EXERCISE BRIEF:
This task calls for copying every line of the records that includes the word "phrase".

Segment Start: EXERCISE MATERIAL

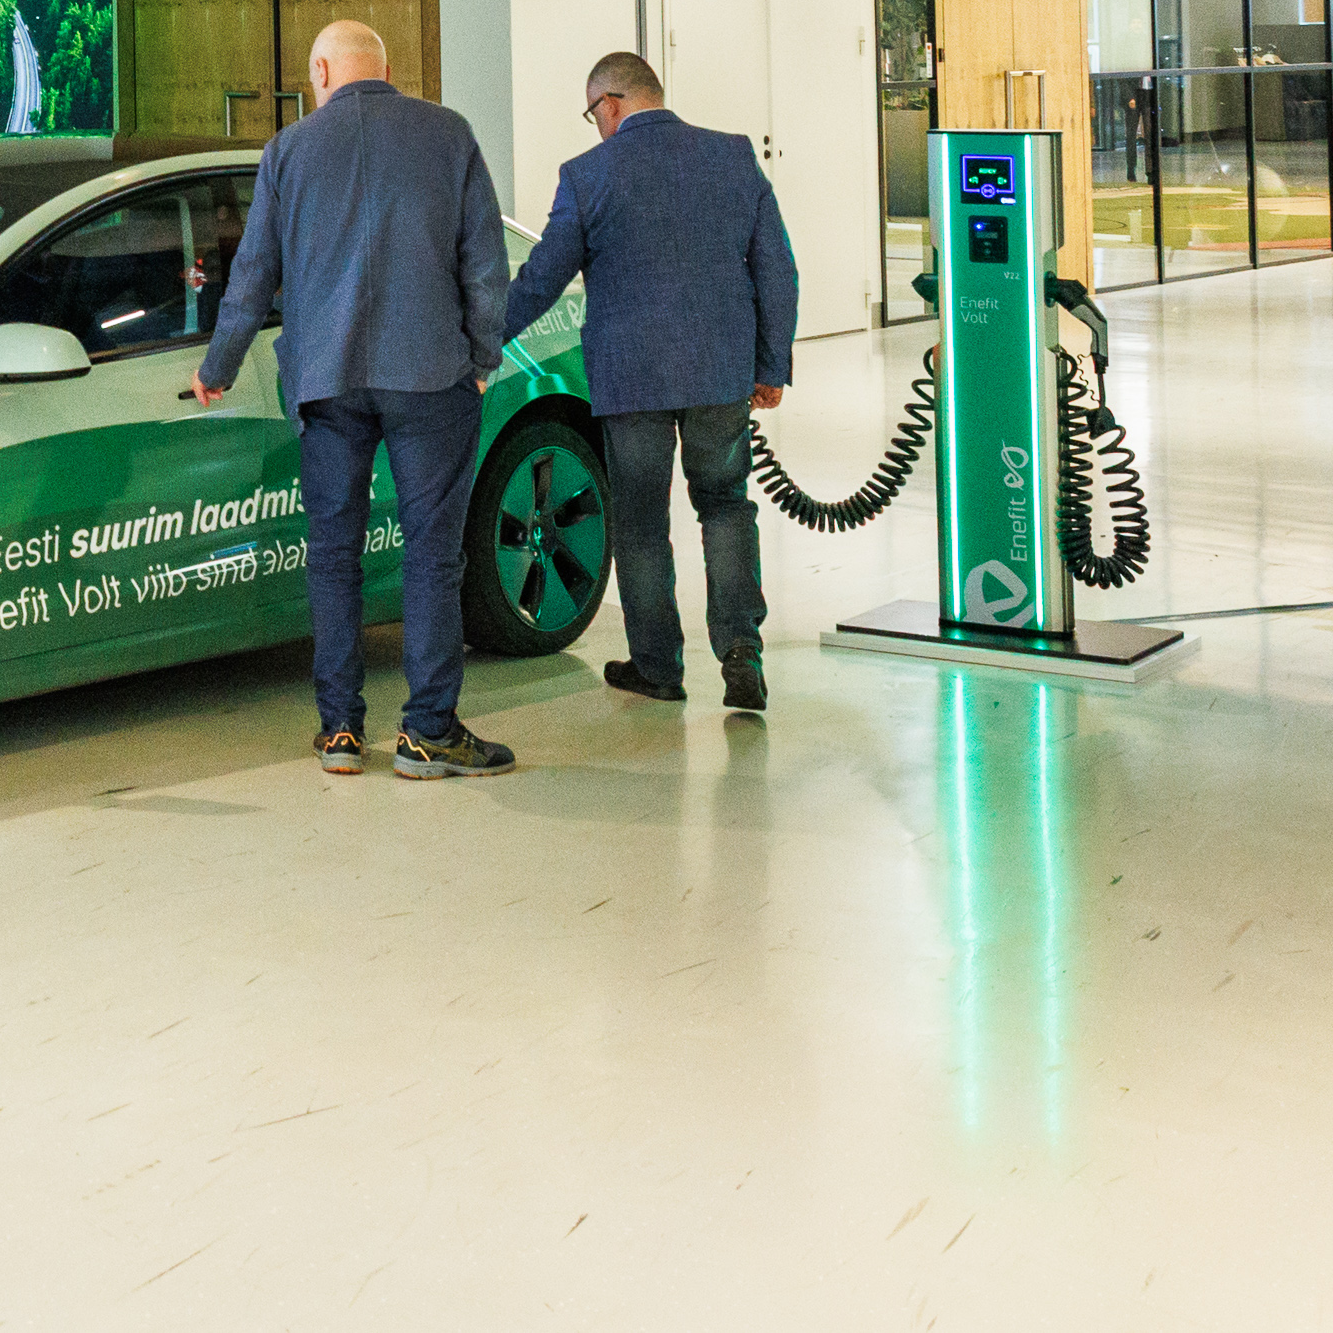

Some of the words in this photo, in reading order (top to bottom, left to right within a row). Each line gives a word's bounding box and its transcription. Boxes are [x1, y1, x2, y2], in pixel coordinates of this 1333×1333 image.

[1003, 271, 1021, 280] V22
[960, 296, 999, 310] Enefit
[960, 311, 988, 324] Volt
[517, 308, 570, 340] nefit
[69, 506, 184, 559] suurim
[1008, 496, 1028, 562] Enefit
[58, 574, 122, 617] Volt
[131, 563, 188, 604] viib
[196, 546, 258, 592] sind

Segment End: EXERCISE MATERIAL
Segment Start: EXERCISE MATERIAL

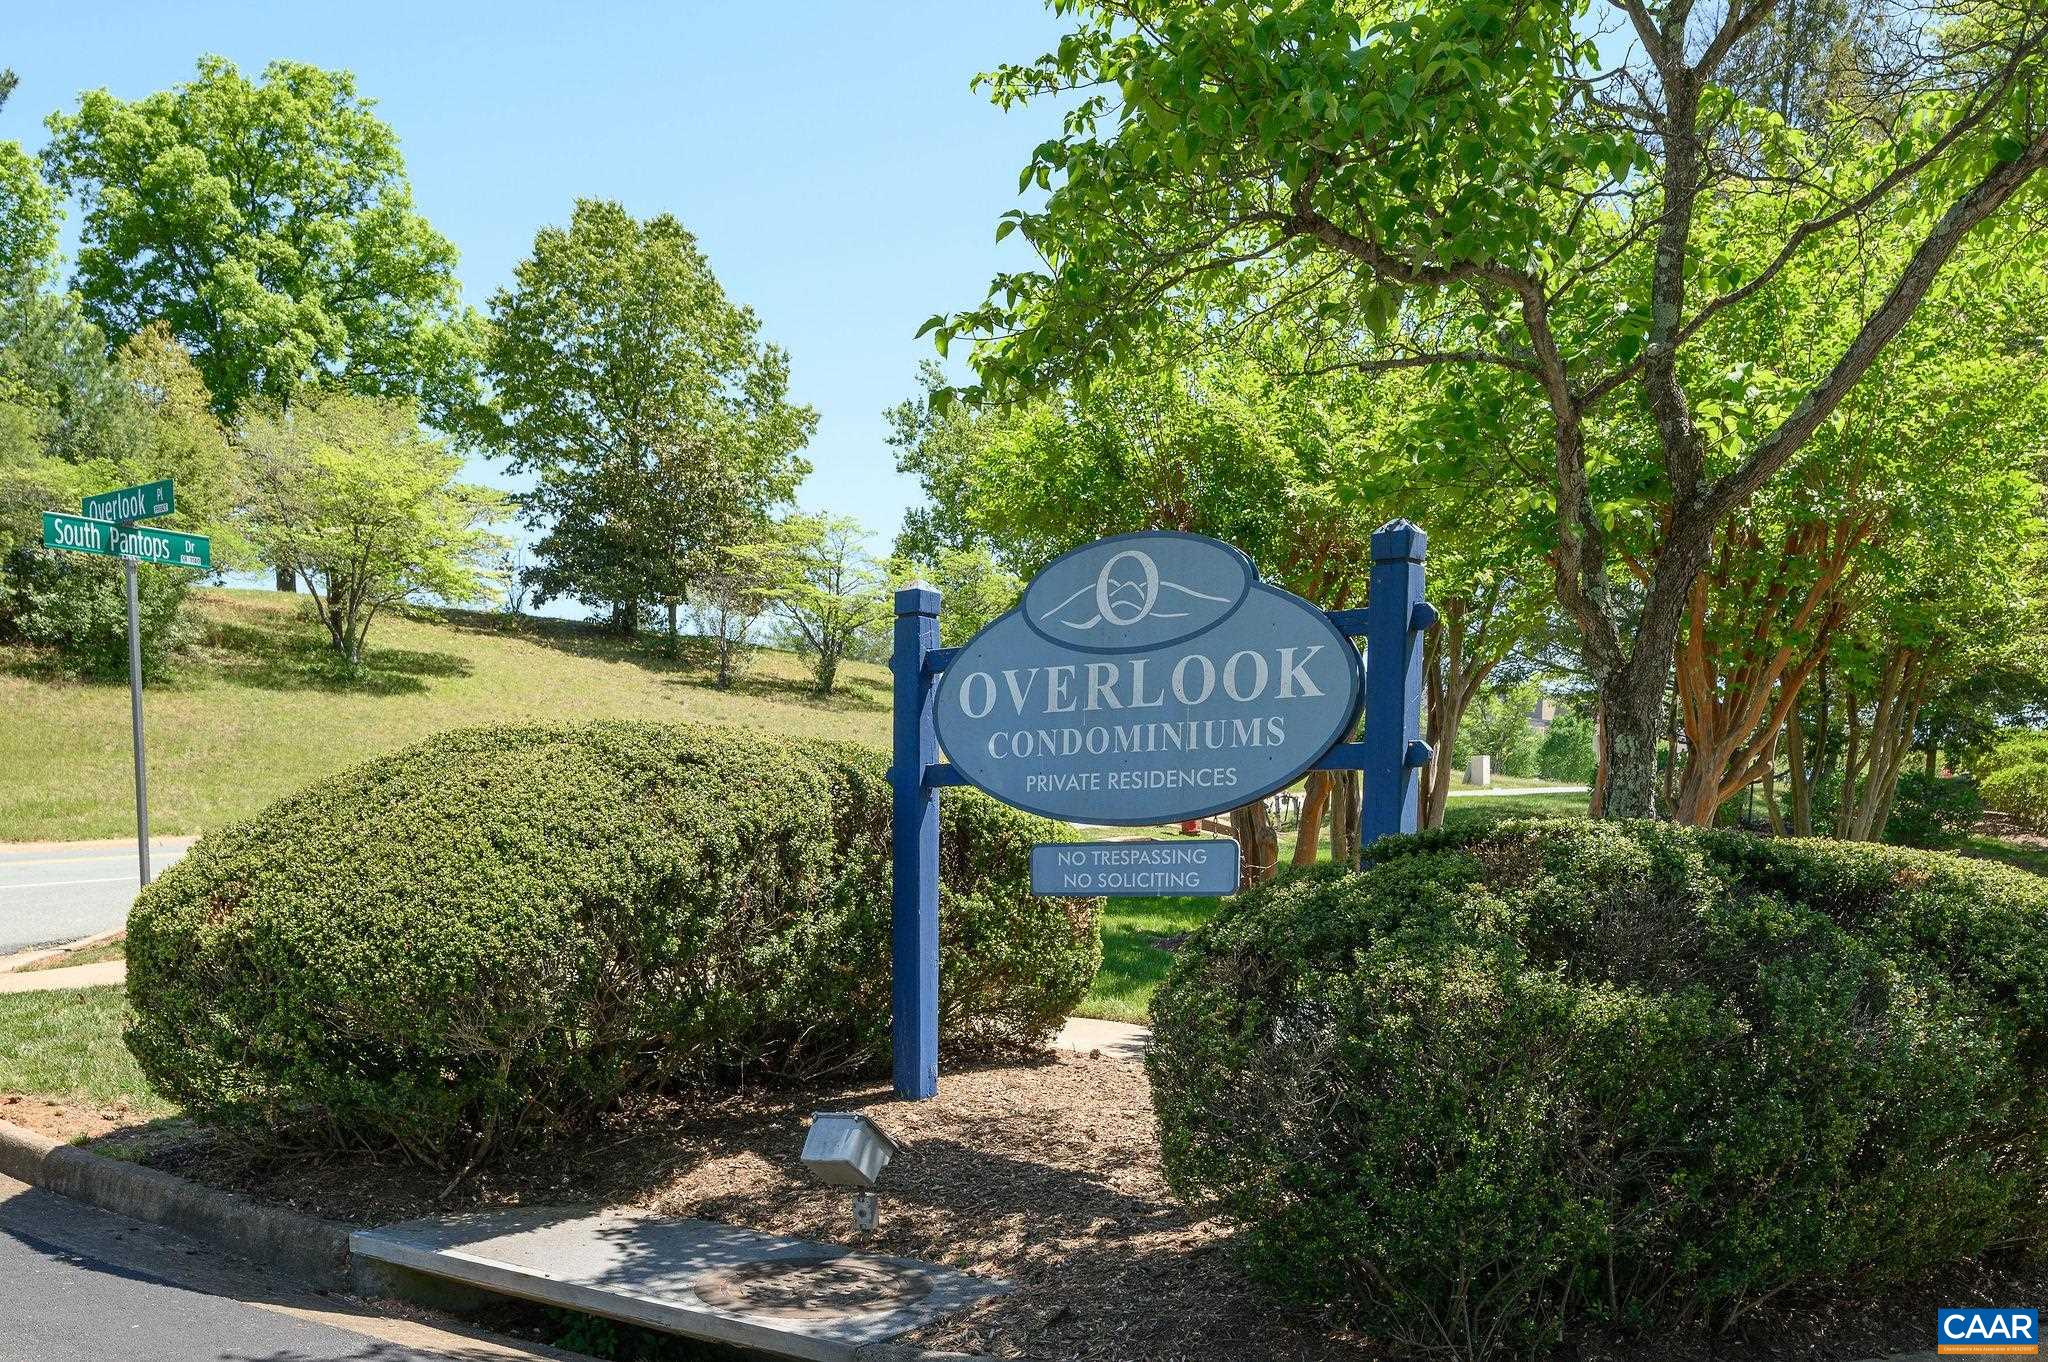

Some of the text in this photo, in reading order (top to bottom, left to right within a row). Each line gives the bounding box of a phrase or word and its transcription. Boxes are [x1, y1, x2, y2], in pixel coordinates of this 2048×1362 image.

Segment End: EXERCISE MATERIAL
Segment Start: EXERCISE MATERIAL

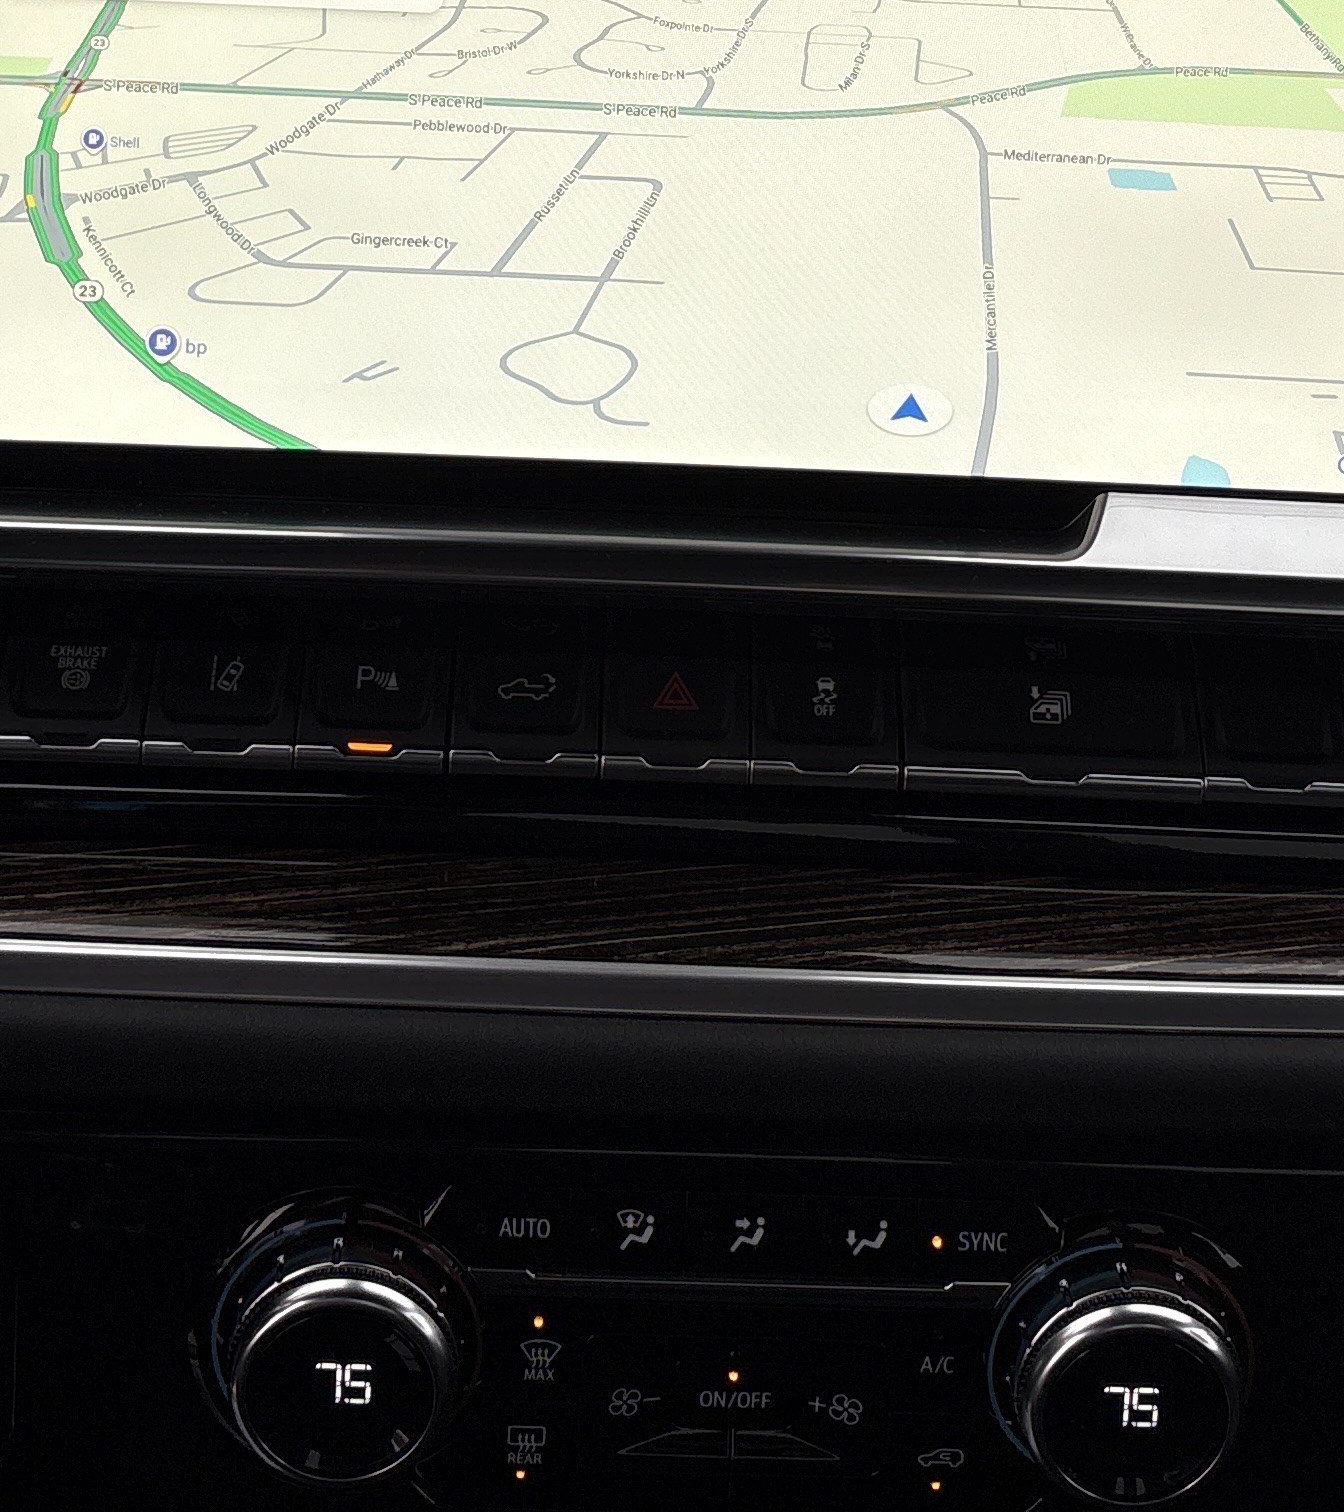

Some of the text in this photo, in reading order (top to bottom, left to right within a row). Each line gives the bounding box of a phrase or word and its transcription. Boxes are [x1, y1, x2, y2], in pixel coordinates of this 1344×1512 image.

Segment End: EXERCISE MATERIAL

EXERCISE ANSWER:
Some of the text in this photo, in reading order (top to bottom, left to right within a row). Each line gives the bounding box of a phrase or word and its transcription. Boxes are [x1, y1, x2, y2], in pixel coordinates of this 2048×1362 image.
Some of the text in this photo, in reading order (top to bottom, left to right within a row). Each line gives the bounding box of a phrase or word and its transcription. Boxes are [x1, y1, x2, y2], in pixel coordinates of this 1344×1512 image.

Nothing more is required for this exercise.